General characteristics (as built)
- Type: Frigate
- Displacement: 2,120 t (2,090 long tons) (deep load)
- Length: 103.1 m (338 ft 3 in) (o/a)
- Beam: 12 m (39 ft 4 in)
- Draught: 3.8 m (12 ft 6 in)
- Installed power: 2 × water-tube boilers; 22,000 shp (16,000 kW);
- Propulsion: 2 shafts, 2 × geared steam turbines
- Speed: 26 knots (48 km/h; 30 mph)
- Range: 3,000 nmi (5,600 km; 3,500 mi) at 20 knots (37 km/h; 23 mph)
- Complement: 207
- Sensors & processing systems: MTLA-1 early-warning radar; MLT-4 gunnery radar; SQS-11A sonar;
- Armament: 2 × twin 76 mm (3 in) DP guns; 2 × twin 40 mm (1.6 in) AA guns; 2 × single 533 mm (21 in) torpedo tubes; 1 × triple 305 mm (12 in) ASW mortar; 4 × single short-barrelled ASW mortars; 1 × single depth charge rail;

= Centauro-class frigate =

Frigates of the Italian Navy

The Centauro class consisted of four frigates built for the Italian Navy during the 1950s. They entered service in 1957, with the last one being stricken in 1985.

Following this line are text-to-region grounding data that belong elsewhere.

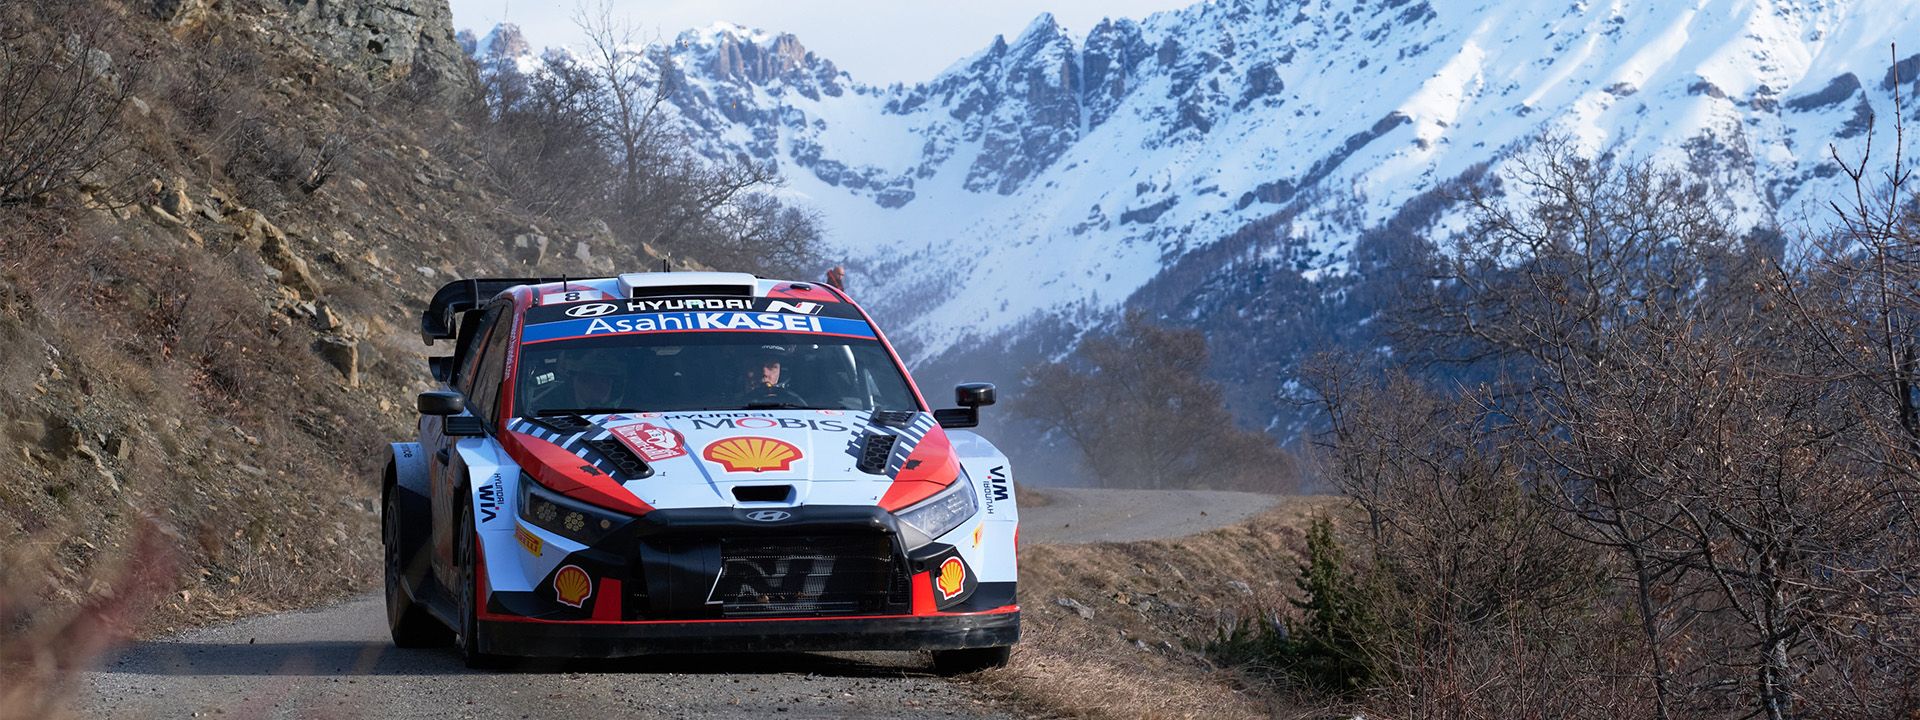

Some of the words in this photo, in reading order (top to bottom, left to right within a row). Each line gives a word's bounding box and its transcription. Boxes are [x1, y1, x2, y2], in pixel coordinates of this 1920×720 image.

[564, 291, 581, 302] 8
[627, 299, 753, 312] HYUNDAI
[585, 312, 823, 335] AsahiKASEI
[691, 417, 848, 432] MOBIS
[494, 472, 505, 505] HYUNDAI
[990, 465, 1009, 501] WIA
[478, 484, 496, 523] WIA
[982, 480, 994, 515] HYUNDAI
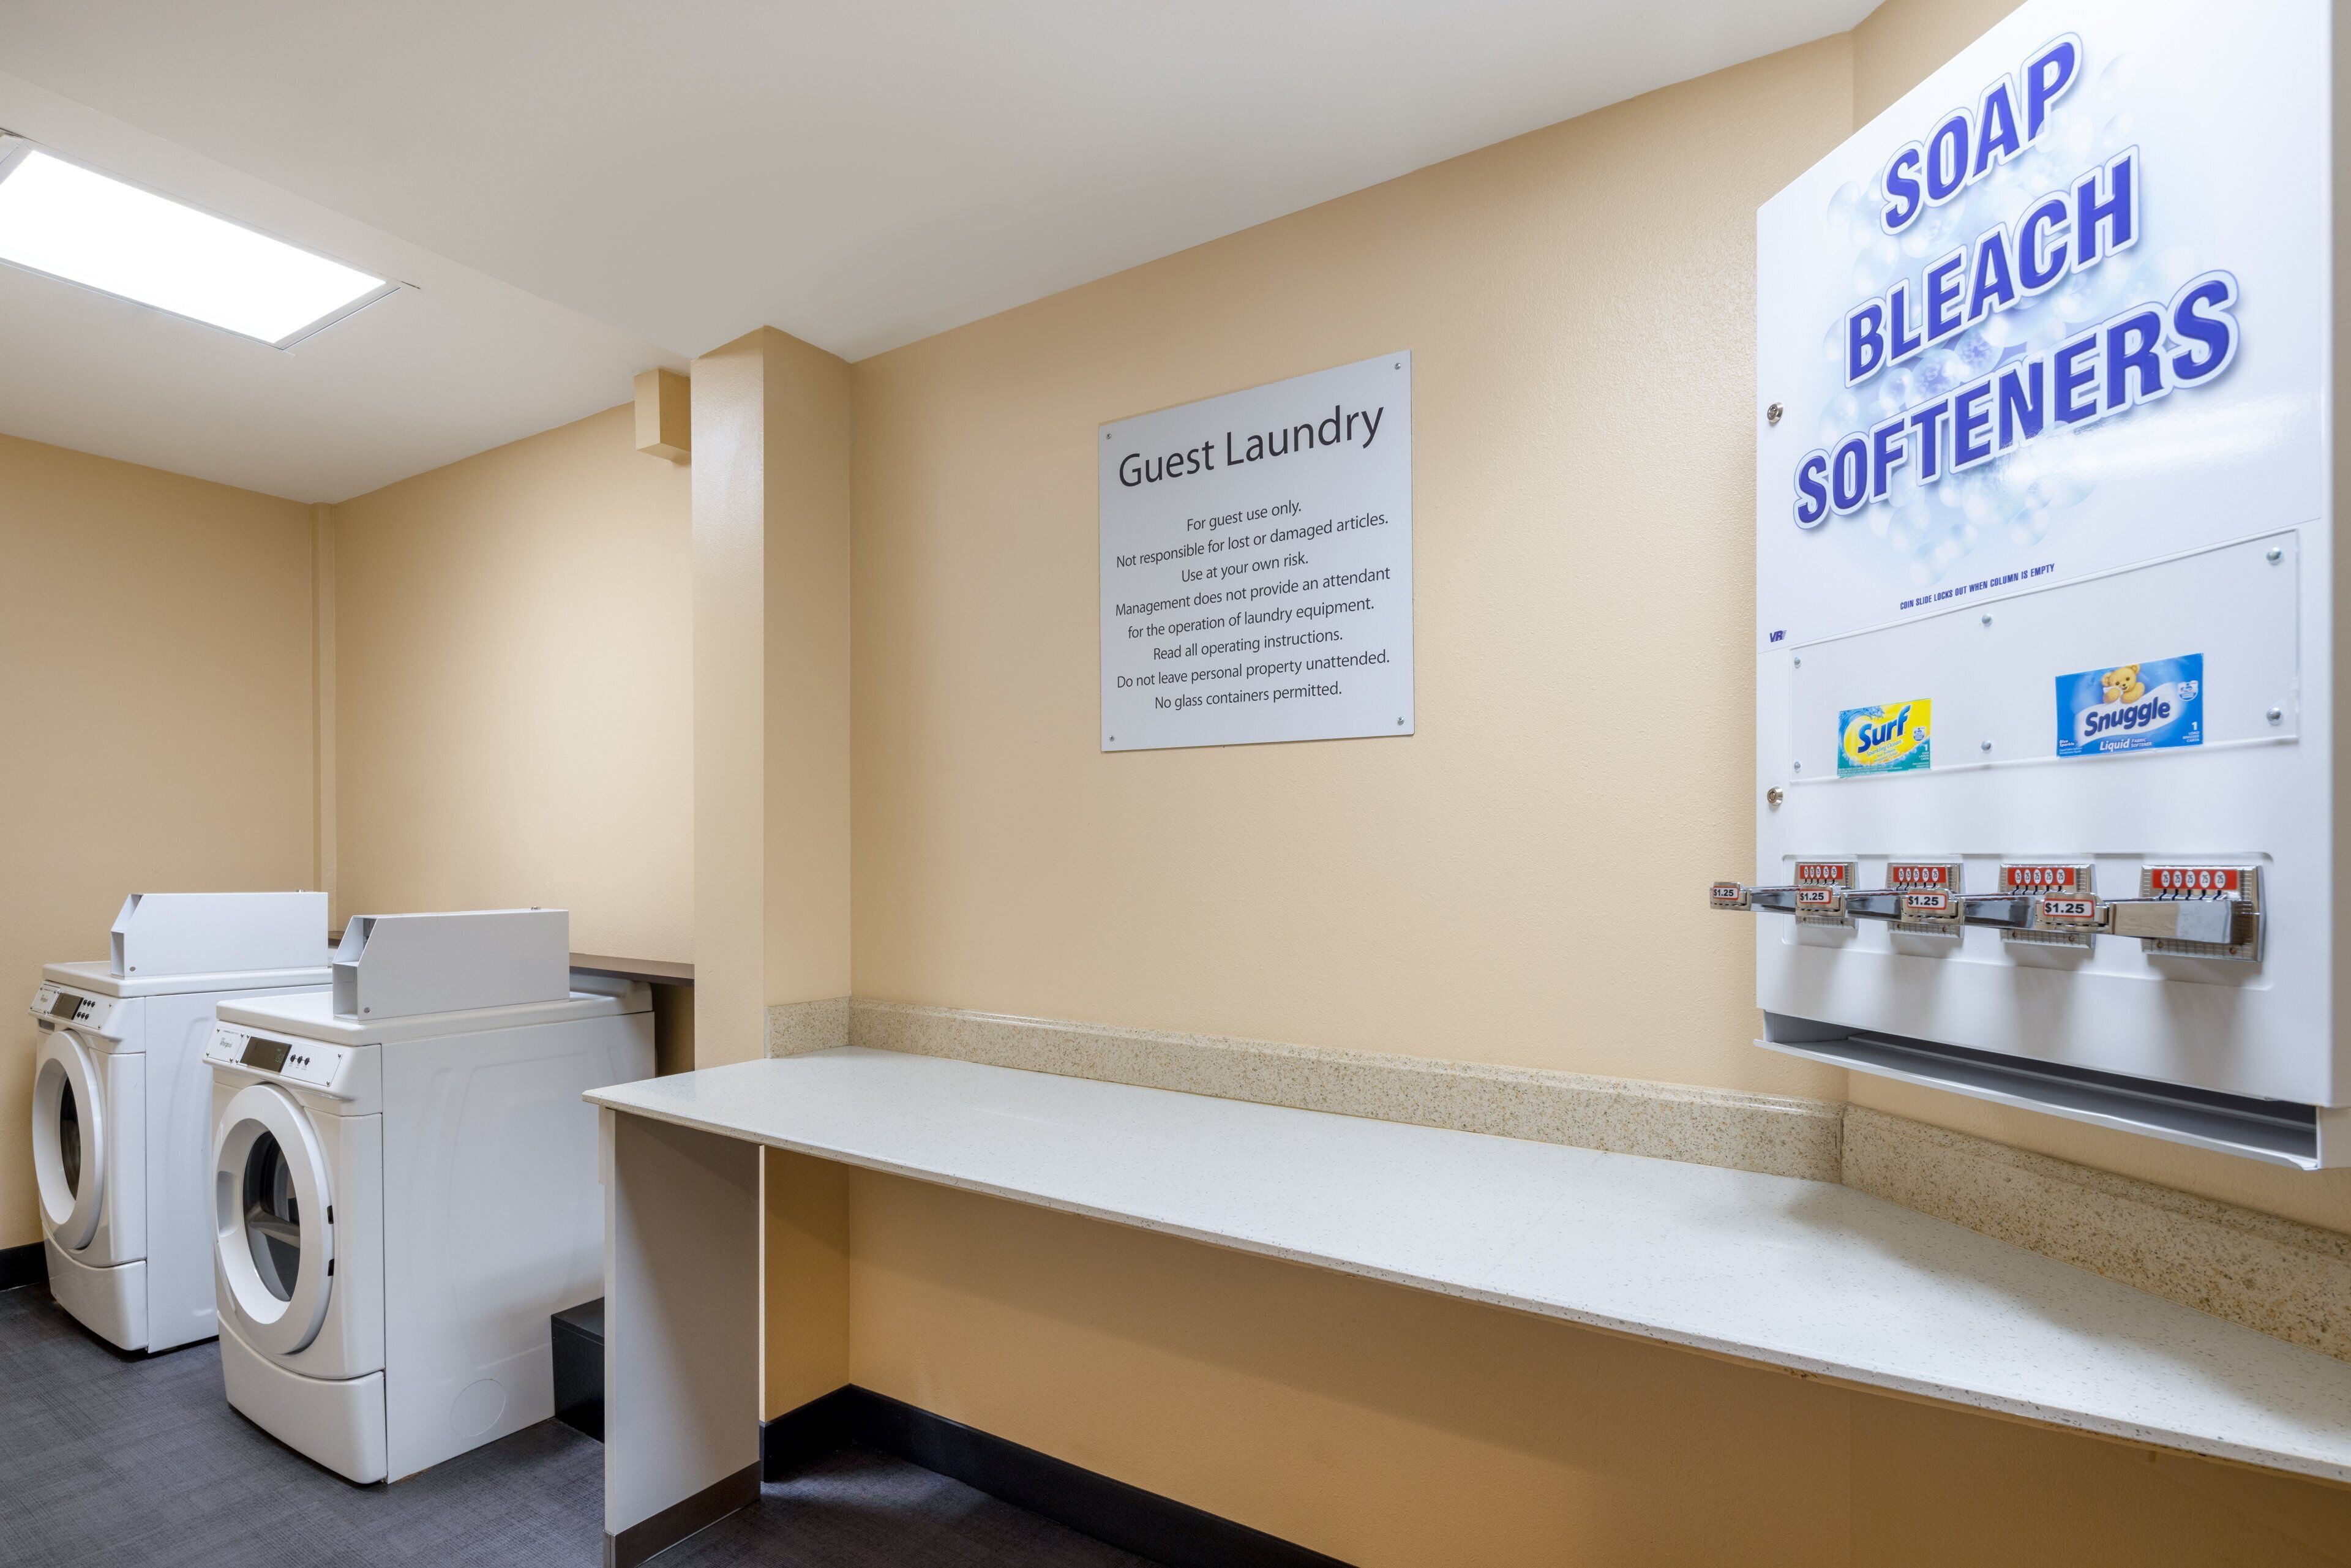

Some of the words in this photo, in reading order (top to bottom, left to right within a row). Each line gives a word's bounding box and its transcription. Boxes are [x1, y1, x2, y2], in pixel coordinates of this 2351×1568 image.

[1885, 42, 2075, 228] SOAP
[1849, 156, 2132, 381] BLEACH
[1798, 279, 2230, 523] SOFTENERS
[1119, 440, 1215, 487] Guest
[1226, 404, 1384, 467] Laundry
[1187, 518, 1206, 532] For
[1209, 511, 1243, 531] guest
[1247, 508, 1268, 521] use
[1271, 499, 1302, 517] only.
[1117, 555, 1137, 568] Not
[1139, 542, 1205, 565] responsible
[1207, 539, 1225, 553] for
[1228, 535, 1250, 550] lost
[1253, 534, 1267, 546] or
[1270, 519, 1332, 543] damaged
[1337, 512, 1389, 532] articles.
[1182, 569, 1203, 582] Use
[1205, 566, 1218, 579] at
[1220, 563, 1249, 580] your
[1251, 558, 1280, 572] own
[1284, 550, 1308, 568] risk.
[1116, 595, 1191, 617] Management
[1193, 591, 1223, 606] does
[1226, 587, 1247, 602] not
[1250, 579, 1299, 602] provide
[1302, 579, 1319, 591] an
[1322, 567, 1391, 588] attendant
[1900, 599, 1914, 610] COIN
[1916, 595, 1932, 606] SLIDE
[1933, 589, 1953, 602] LOCKS
[1955, 585, 1968, 596] OUT
[1969, 581, 1988, 593] WHEN
[1990, 572, 2019, 587] COLUMN
[2021, 570, 2028, 580] IS
[2030, 563, 2055, 577] EMPTY
[1127, 625, 1144, 639] for
[1146, 623, 1165, 637] the
[1168, 617, 1225, 637] operation
[1228, 612, 1242, 626] of
[1245, 607, 1293, 625] laundry
[1296, 597, 1374, 620] equipment.
[1153, 644, 1182, 661] Read
[1185, 642, 1198, 657] all
[1201, 638, 1260, 658] operating
[1264, 629, 1343, 648] instructions.
[1769, 630, 1787, 642] VR
[1117, 675, 1133, 688] Do
[1136, 673, 1155, 686] not
[1158, 671, 1188, 685] leave
[1191, 663, 1242, 685] personal
[1246, 660, 1302, 680] property
[1306, 648, 1390, 670] unattended.
[1155, 696, 1172, 710] No
[1174, 694, 1203, 711] glass
[1205, 689, 1269, 705] containers
[1273, 680, 1342, 703] permitted.
[1857, 704, 1911, 754] Surf
[2083, 696, 2171, 737] Snuggle
[2191, 721, 2198, 730] 1
[2099, 738, 2131, 752] Liquid
[1714, 888, 1734, 897] $1.25
[2163, 874, 2169, 883] 25
[2175, 874, 2180, 883] 25
[2187, 874, 2193, 883] 25
[2202, 874, 2208, 883] 25
[2217, 874, 2224, 883] 25
[1799, 891, 1824, 902] $1.25
[1907, 895, 1940, 907] $1.25
[2044, 902, 2085, 914] $1.25
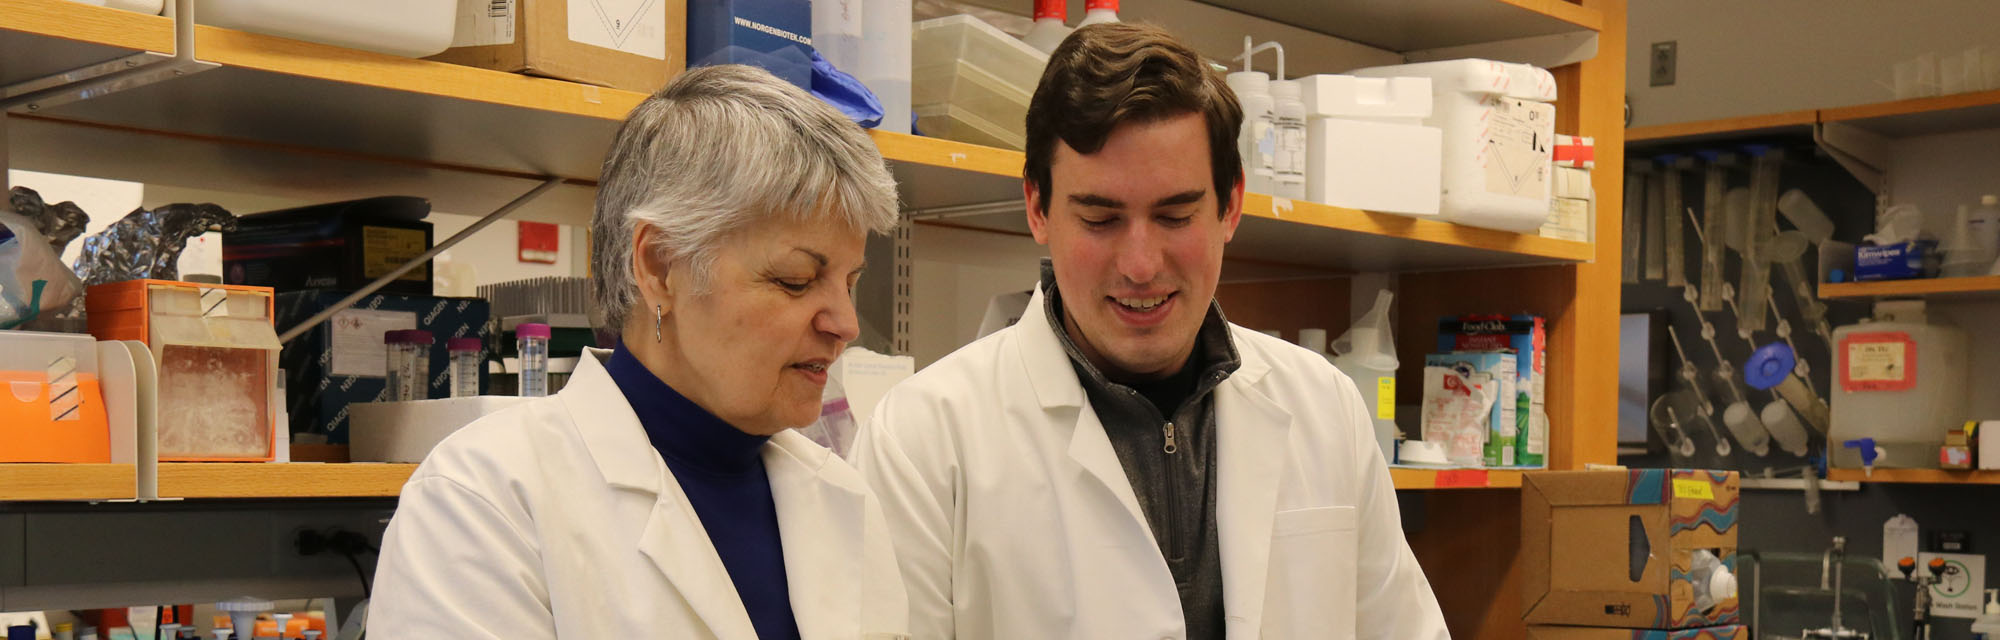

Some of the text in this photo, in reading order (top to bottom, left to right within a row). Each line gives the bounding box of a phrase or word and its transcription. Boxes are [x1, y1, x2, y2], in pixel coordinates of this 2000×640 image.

[734, 16, 812, 45] WWW.NORGENBIOTEK.COM
[1858, 248, 1900, 259] Kimwipes
[423, 299, 448, 326] QIAGEN
[1463, 319, 1506, 331] Food Club
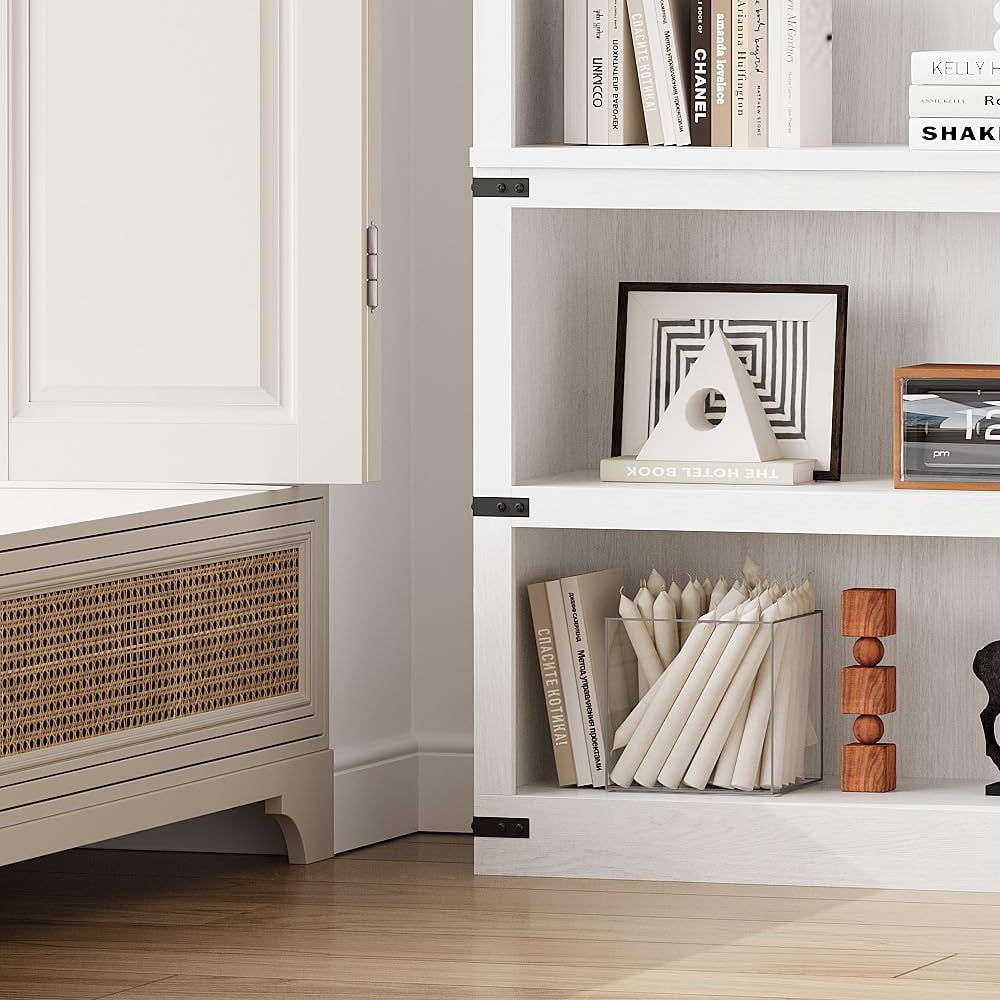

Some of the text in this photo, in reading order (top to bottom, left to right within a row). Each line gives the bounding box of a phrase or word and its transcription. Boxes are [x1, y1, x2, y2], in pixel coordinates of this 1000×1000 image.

==Design and description==
The Centauro-class ships measured 103.1 m long overall, with a beam of 12 m and a draft of 3.8 m. Their crew numbered 207 officers and enlisted men. They displaced 1680 t at standard load and 2120 t at deep load. The ships had two Tosi geared steam turbines, each driving one propeller shaft using steam provided by two Foster Wheeler water-tube boilers. The turbines were rated at a total of 22000 shp for a speed of 26 kn. The Centauros had a range of 3000 nmi at 20 kn.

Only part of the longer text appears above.